**ACTIVITY:** This exercise asks for every line of the material that includes the word "words".

[RECORDS SHOWN — start]

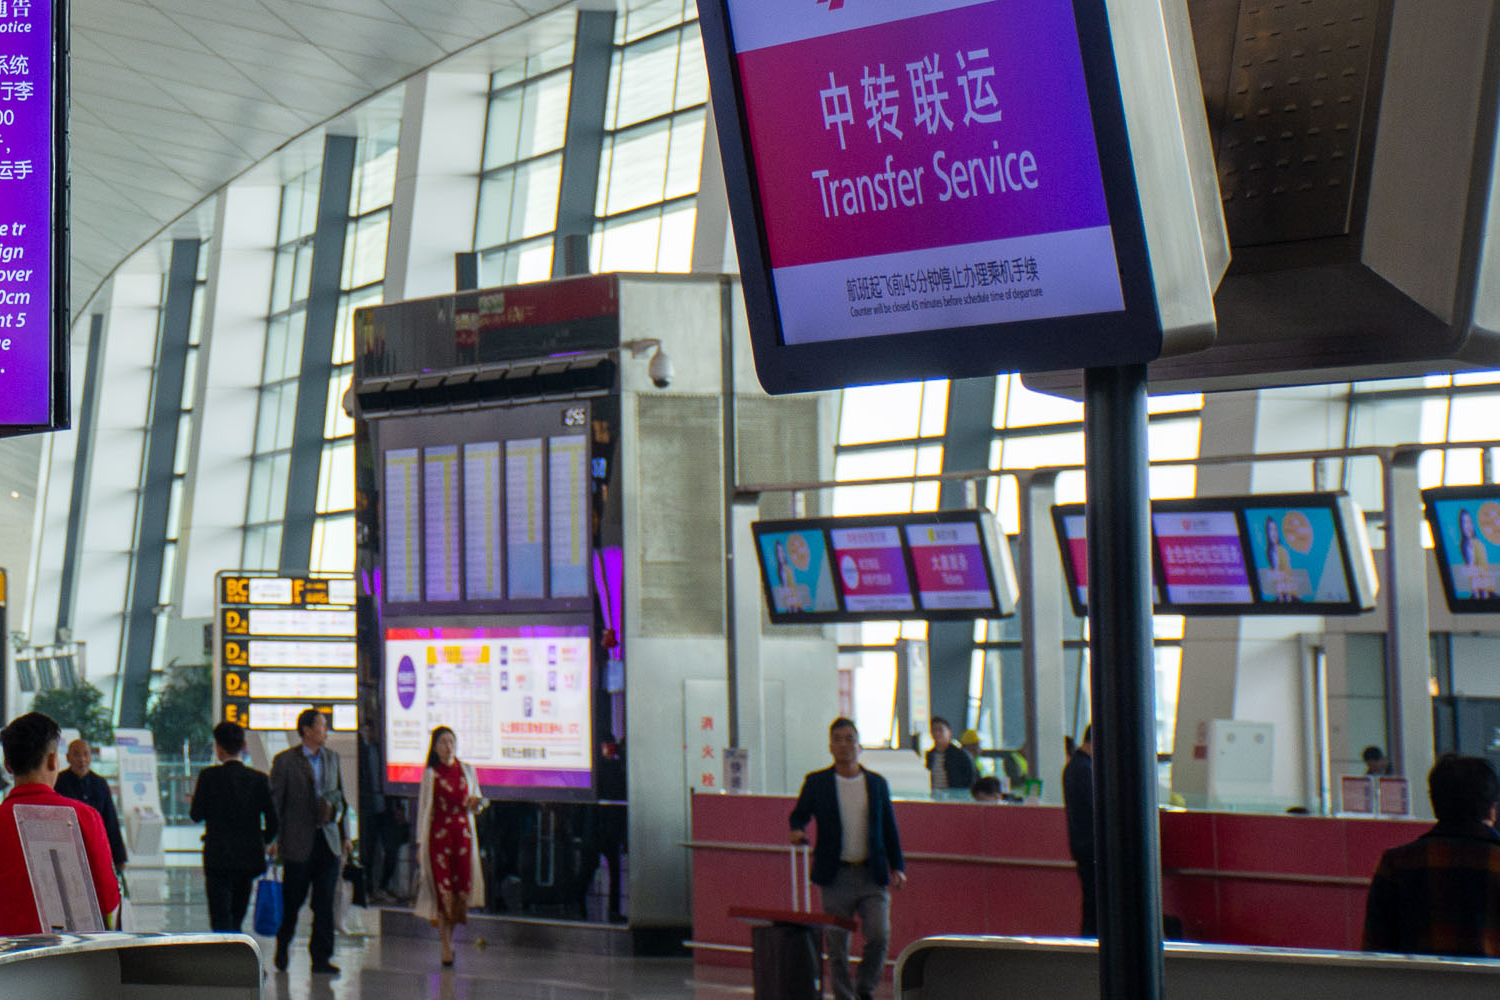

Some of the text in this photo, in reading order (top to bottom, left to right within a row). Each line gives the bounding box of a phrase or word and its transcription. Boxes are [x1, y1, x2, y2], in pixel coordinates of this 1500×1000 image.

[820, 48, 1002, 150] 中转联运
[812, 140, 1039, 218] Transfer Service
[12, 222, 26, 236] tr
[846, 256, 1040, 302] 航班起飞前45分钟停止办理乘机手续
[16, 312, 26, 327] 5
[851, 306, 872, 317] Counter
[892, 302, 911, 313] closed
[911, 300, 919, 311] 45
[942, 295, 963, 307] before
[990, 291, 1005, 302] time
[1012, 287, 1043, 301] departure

[RECORDS SHOWN — finish]
[RECORDS SHOWN — start]

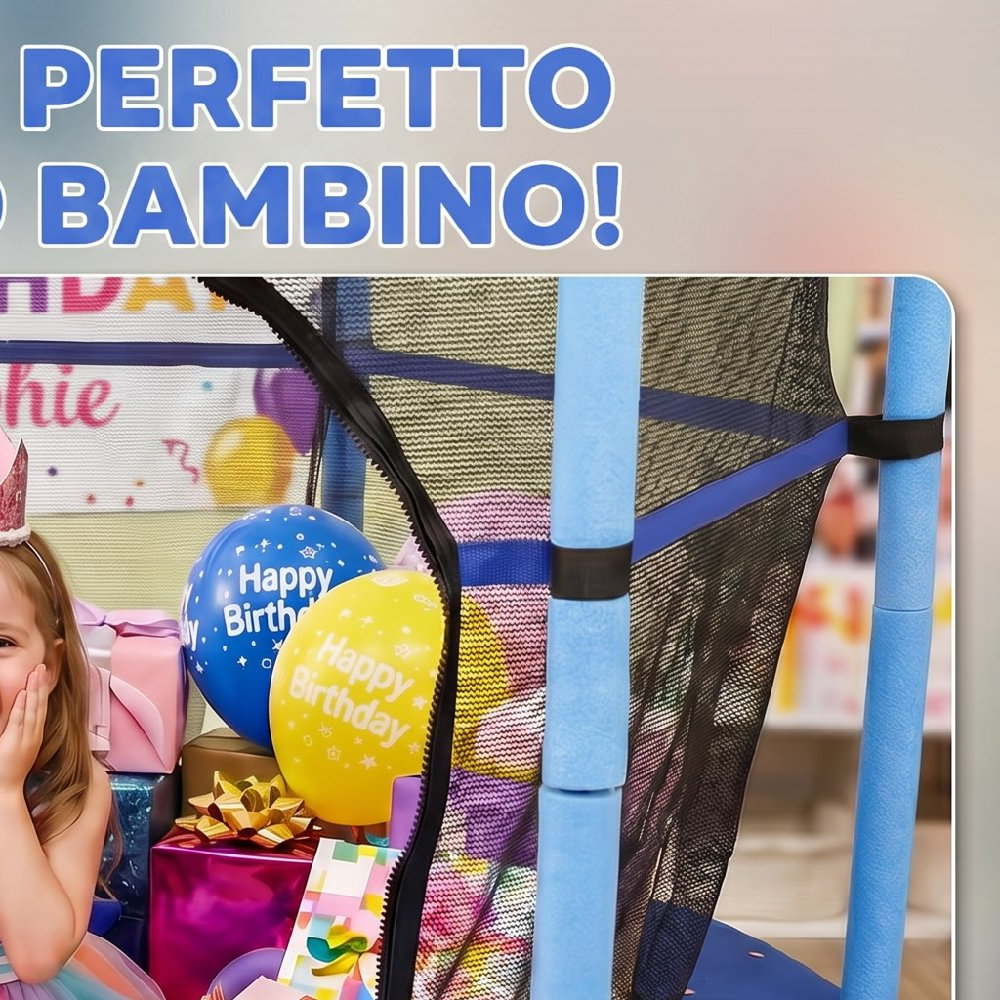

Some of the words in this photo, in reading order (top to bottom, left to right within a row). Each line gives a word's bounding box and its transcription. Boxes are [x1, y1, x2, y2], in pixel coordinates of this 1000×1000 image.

[RECORDS SHOWN — finish]
[RECORDS SHOWN — start]

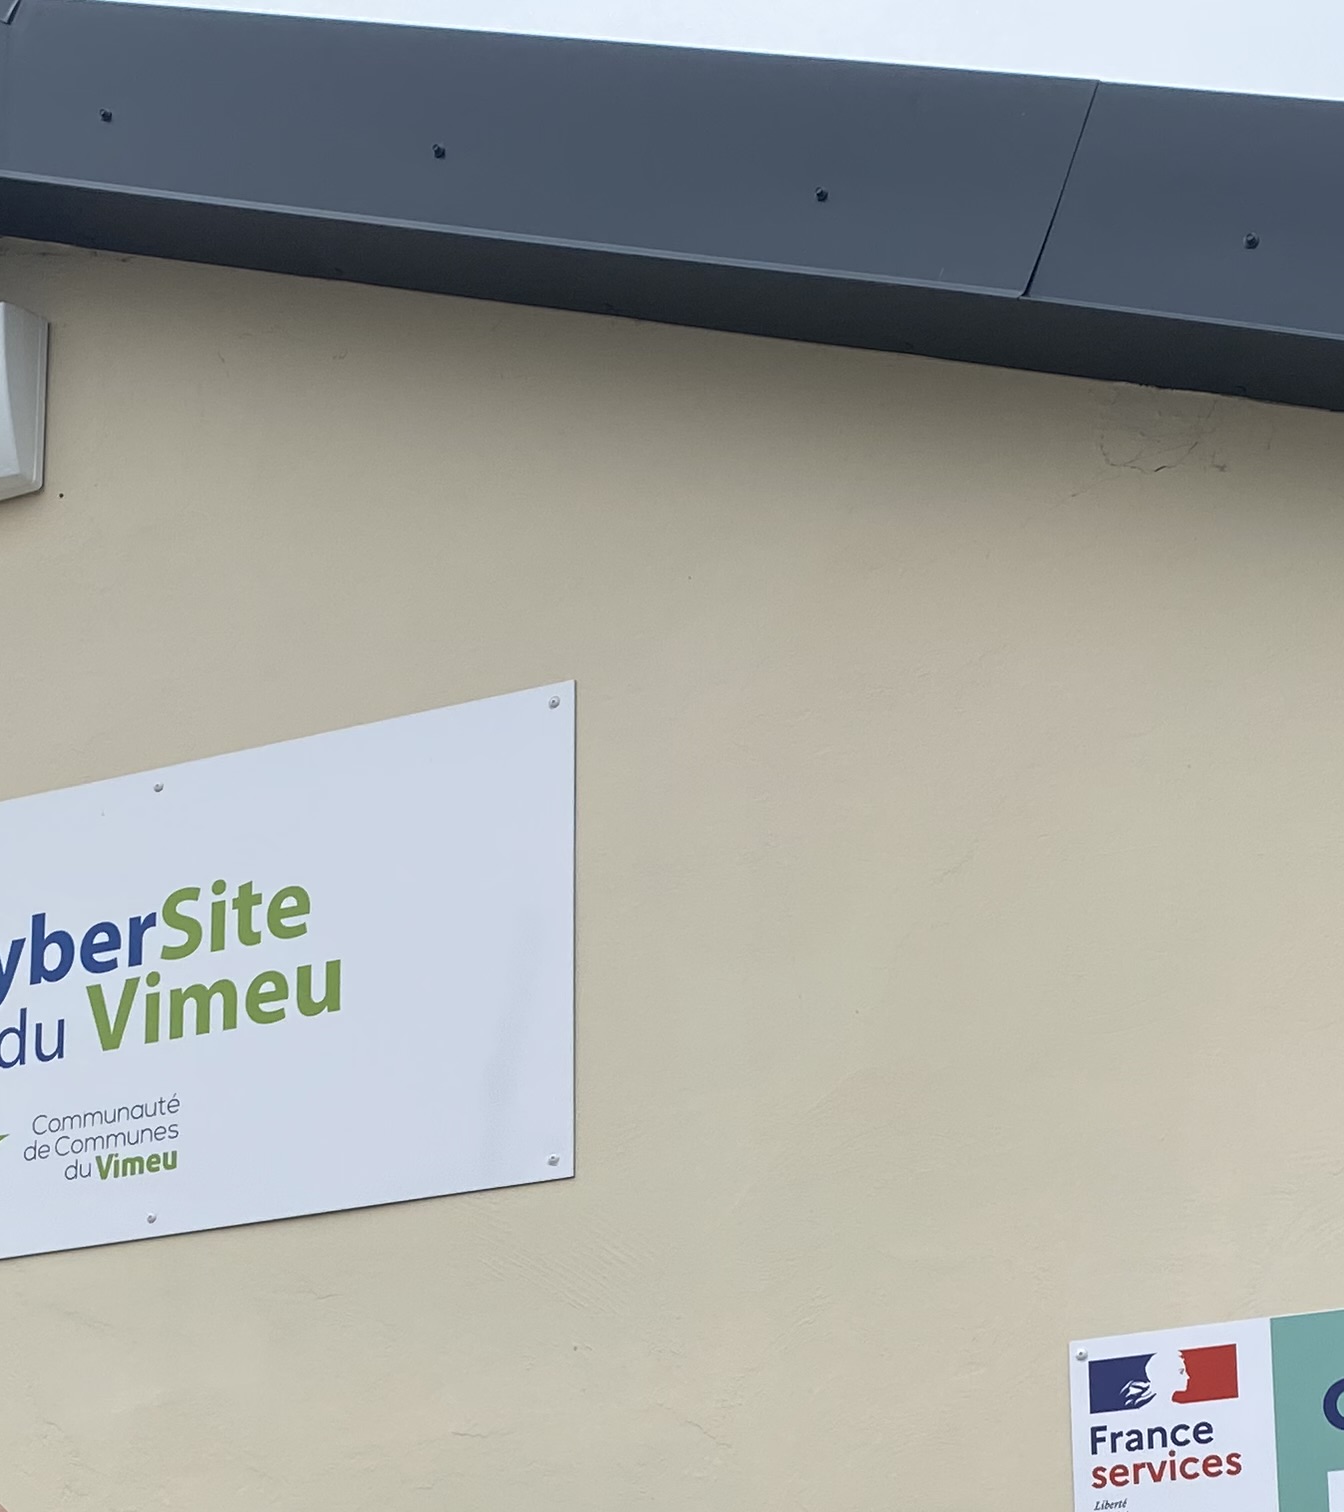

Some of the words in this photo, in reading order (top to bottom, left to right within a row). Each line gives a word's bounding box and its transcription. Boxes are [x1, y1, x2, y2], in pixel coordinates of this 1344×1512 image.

[RECORDS SHOWN — finish]

**ANSWER SECTION:**
Some of the words in this photo, in reading order (top to bottom, left to right within a row). Each line gives a word's bounding box and its transcription. Boxes are [x1, y1, x2, y2], in pixel coordinates of this 1000×1000 image.
Some of the words in this photo, in reading order (top to bottom, left to right within a row). Each line gives a word's bounding box and its transcription. Boxes are [x1, y1, x2, y2], in pixel coordinates of this 1344×1512 image.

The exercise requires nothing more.